Copy out each record that follows exactly, and omit any picture you find.
━━━━━━━━━━
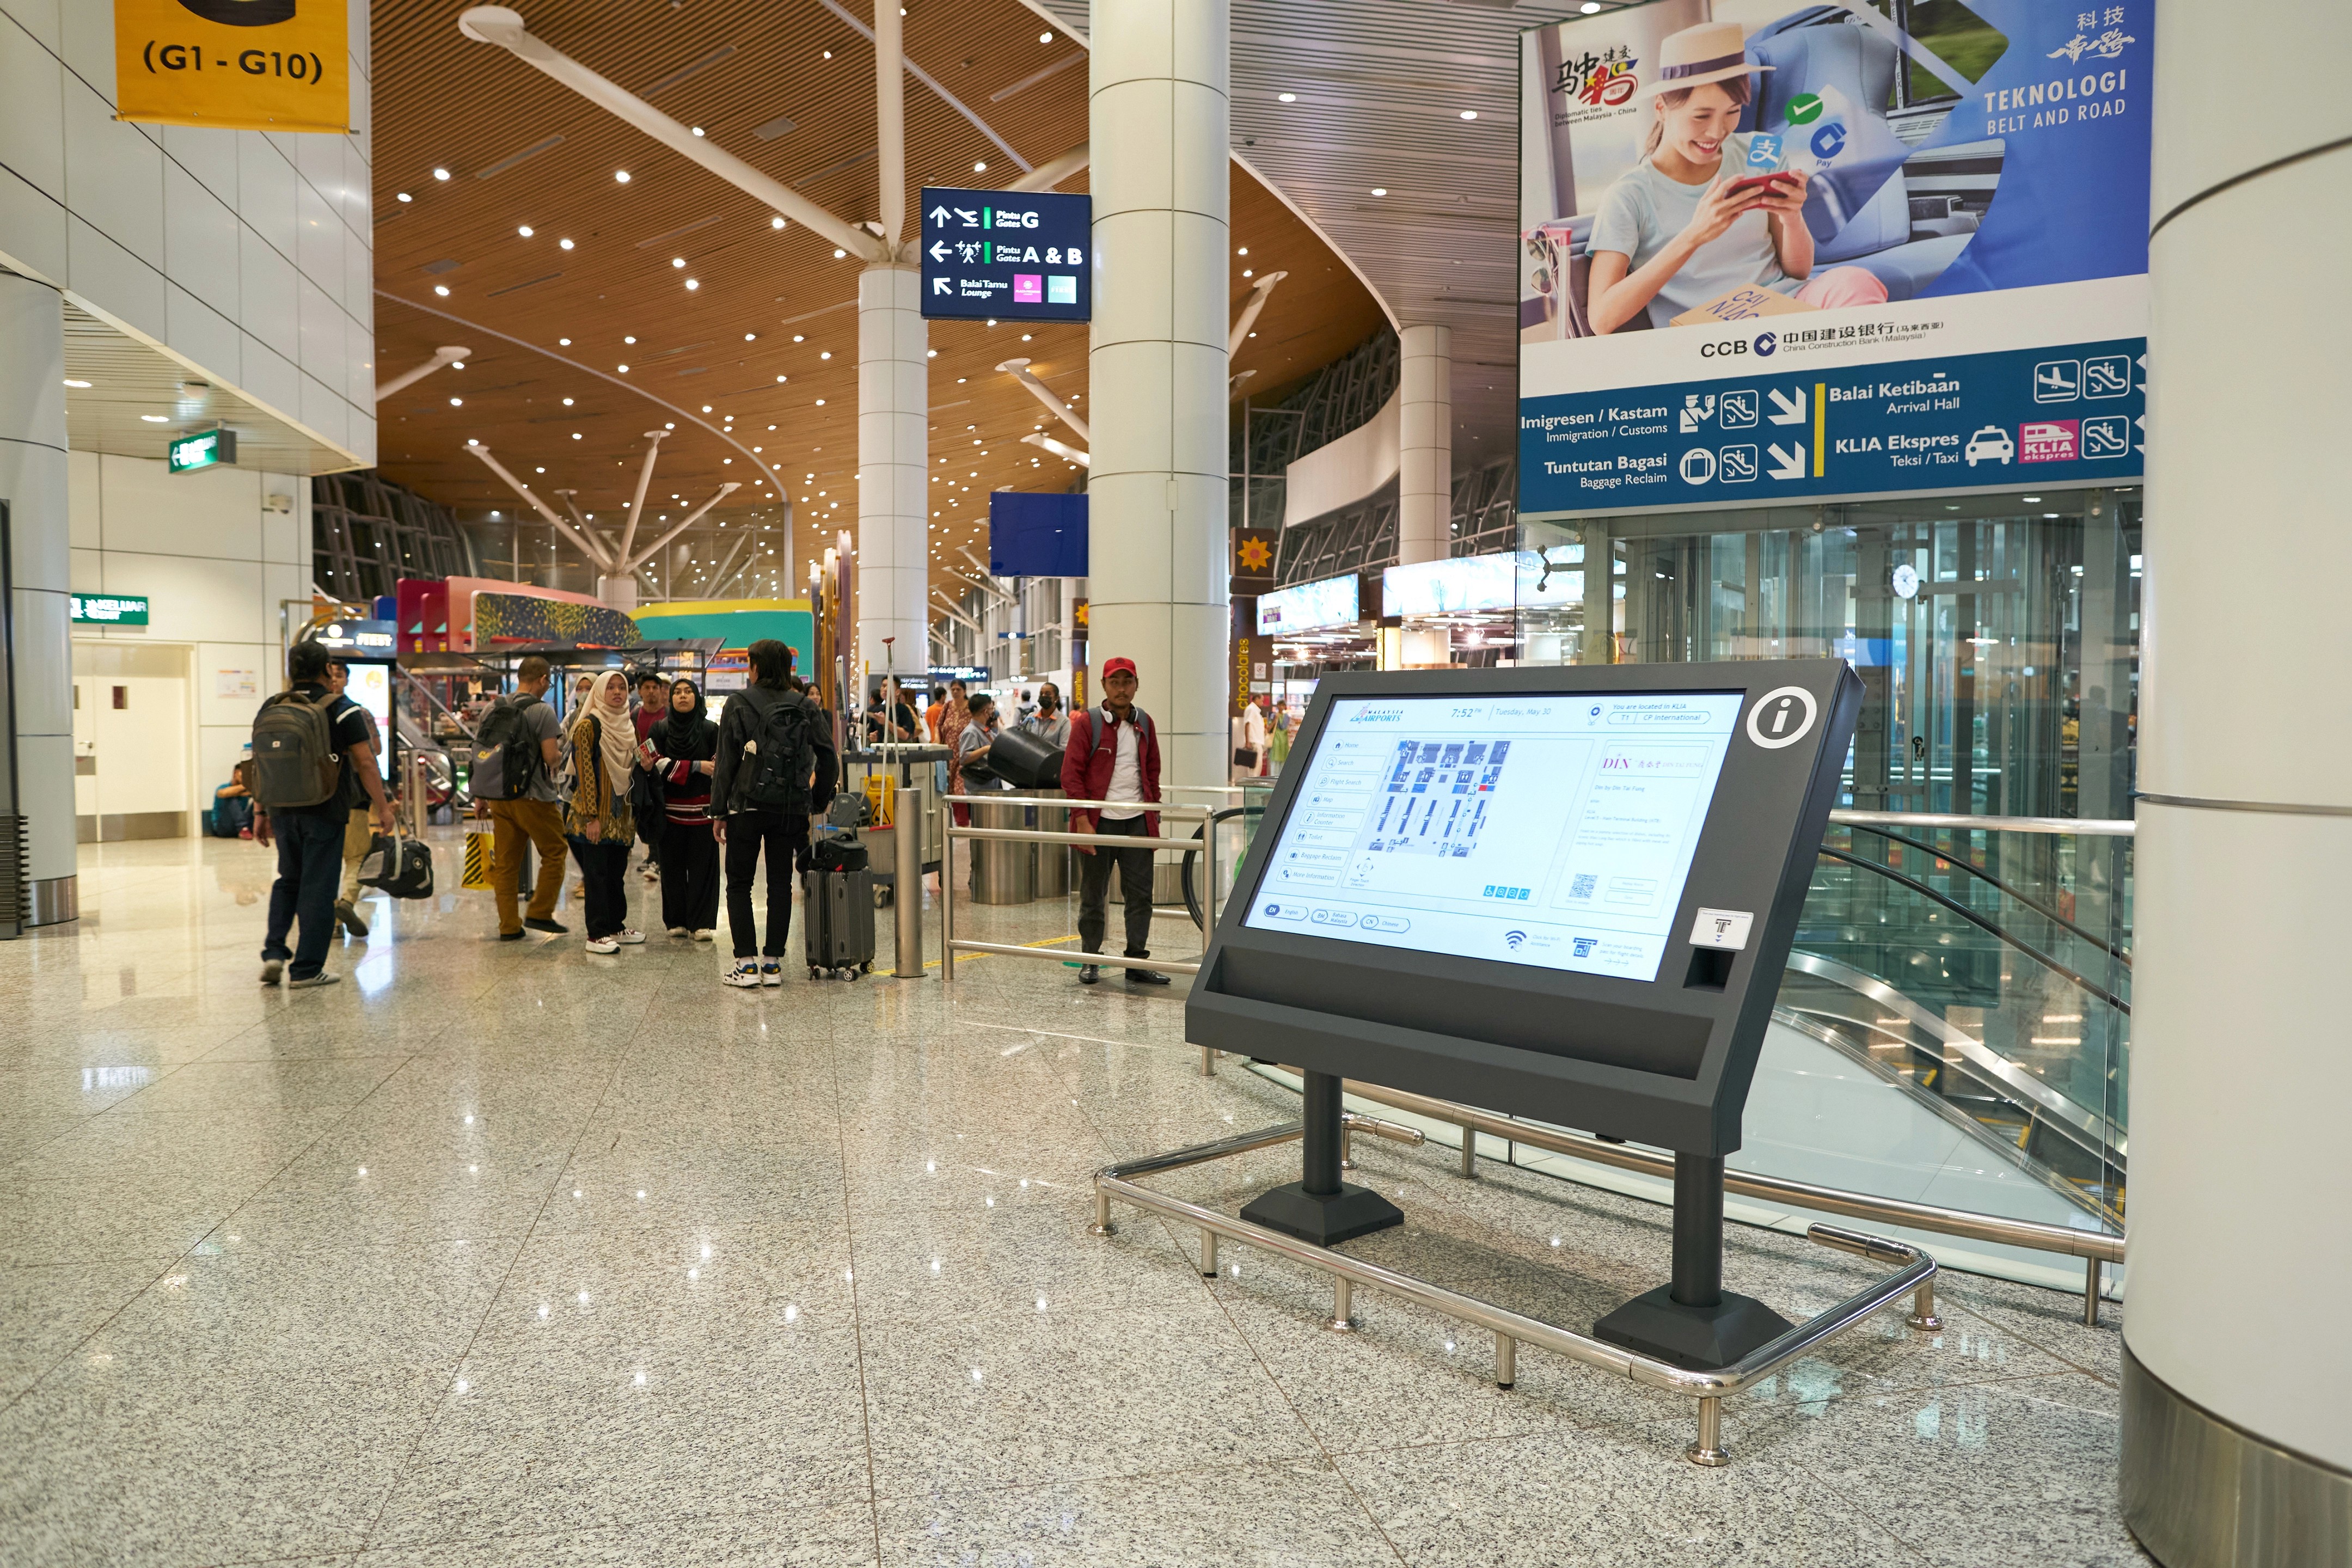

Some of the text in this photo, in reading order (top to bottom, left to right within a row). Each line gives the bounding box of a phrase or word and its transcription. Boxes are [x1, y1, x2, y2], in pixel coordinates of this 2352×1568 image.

[2078, 5, 2125, 30] 科技
[143, 40, 201, 74] (G1
[238, 48, 323, 85] G10)
[1985, 69, 2126, 113] TEKNOLOGI
[1555, 109, 1588, 120] Diplomatic
[1555, 118, 1582, 127] between
[1584, 113, 1612, 121] Malaysia
[1988, 100, 2126, 136] BELT AND ROAD
[1816, 158, 1832, 168] Pay
[996, 210, 1039, 228] Pintu G
[996, 219, 1021, 228] Gates
[996, 246, 1082, 265] Pintu A & B
[996, 254, 1021, 262] Gates
[960, 279, 1007, 289] Balai Tamu
[961, 289, 992, 298] Lounge
[1701, 340, 1748, 358] CCB
[1783, 331, 1926, 353] China Construction Bank (Malaysia)
[1830, 379, 1960, 402] Balai Ketibaan
[1886, 397, 1960, 414] Arrival Hall
[1521, 412, 1594, 430] Imigresen
[1608, 406, 1668, 422] Kastam
[1546, 427, 1608, 443] Immigration
[1619, 423, 1668, 437] Customs
[1836, 433, 1959, 454] KLIA Ekspres
[2025, 442, 2072, 454] KLIA
[1545, 453, 1667, 474] Tuntutan Bagasi
[1890, 455, 1921, 467] Teksi
[1933, 451, 1958, 464] Taxi
[2024, 451, 2074, 460] ekspres
[1581, 473, 1667, 489] Baggage Reclaim
[1236, 638, 1249, 709] chocolates
[1451, 709, 1473, 718] 7:52
[1301, 852, 1321, 860] Baggage
[1306, 872, 1334, 880] Information
━━━━━━━━━━
Your solution.
Some of the text in this photo, in reading order (top to bottom, left to right within a row). Each line gives the bounding box of a phrase or word and its transcription. Boxes are [x1, y1, x2, y2], in pixel coordinates of this 2352×1568 image.

[2078, 5, 2125, 30] 科技
[143, 40, 201, 74] (G1
[238, 48, 323, 85] G10)
[1985, 69, 2126, 113] TEKNOLOGI
[1555, 109, 1588, 120] Diplomatic
[1555, 118, 1582, 127] between
[1584, 113, 1612, 121] Malaysia
[1988, 100, 2126, 136] BELT AND ROAD
[1816, 158, 1832, 168] Pay
[996, 210, 1039, 228] Pintu G
[996, 219, 1021, 228] Gates
[996, 246, 1082, 265] Pintu A & B
[996, 254, 1021, 262] Gates
[960, 279, 1007, 289] Balai Tamu
[961, 289, 992, 298] Lounge
[1701, 340, 1748, 358] CCB
[1783, 331, 1926, 353] China Construction Bank (Malaysia)
[1830, 379, 1960, 402] Balai Ketibaan
[1886, 397, 1960, 414] Arrival Hall
[1521, 412, 1594, 430] Imigresen
[1608, 406, 1668, 422] Kastam
[1546, 427, 1608, 443] Immigration
[1619, 423, 1668, 437] Customs
[1836, 433, 1959, 454] KLIA Ekspres
[2025, 442, 2072, 454] KLIA
[1545, 453, 1667, 474] Tuntutan Bagasi
[1890, 455, 1921, 467] Teksi
[1933, 451, 1958, 464] Taxi
[2024, 451, 2074, 460] ekspres
[1581, 473, 1667, 489] Baggage Reclaim
[1236, 638, 1249, 709] chocolates
[1451, 709, 1473, 718] 7:52
[1301, 852, 1321, 860] Baggage
[1306, 872, 1334, 880] Information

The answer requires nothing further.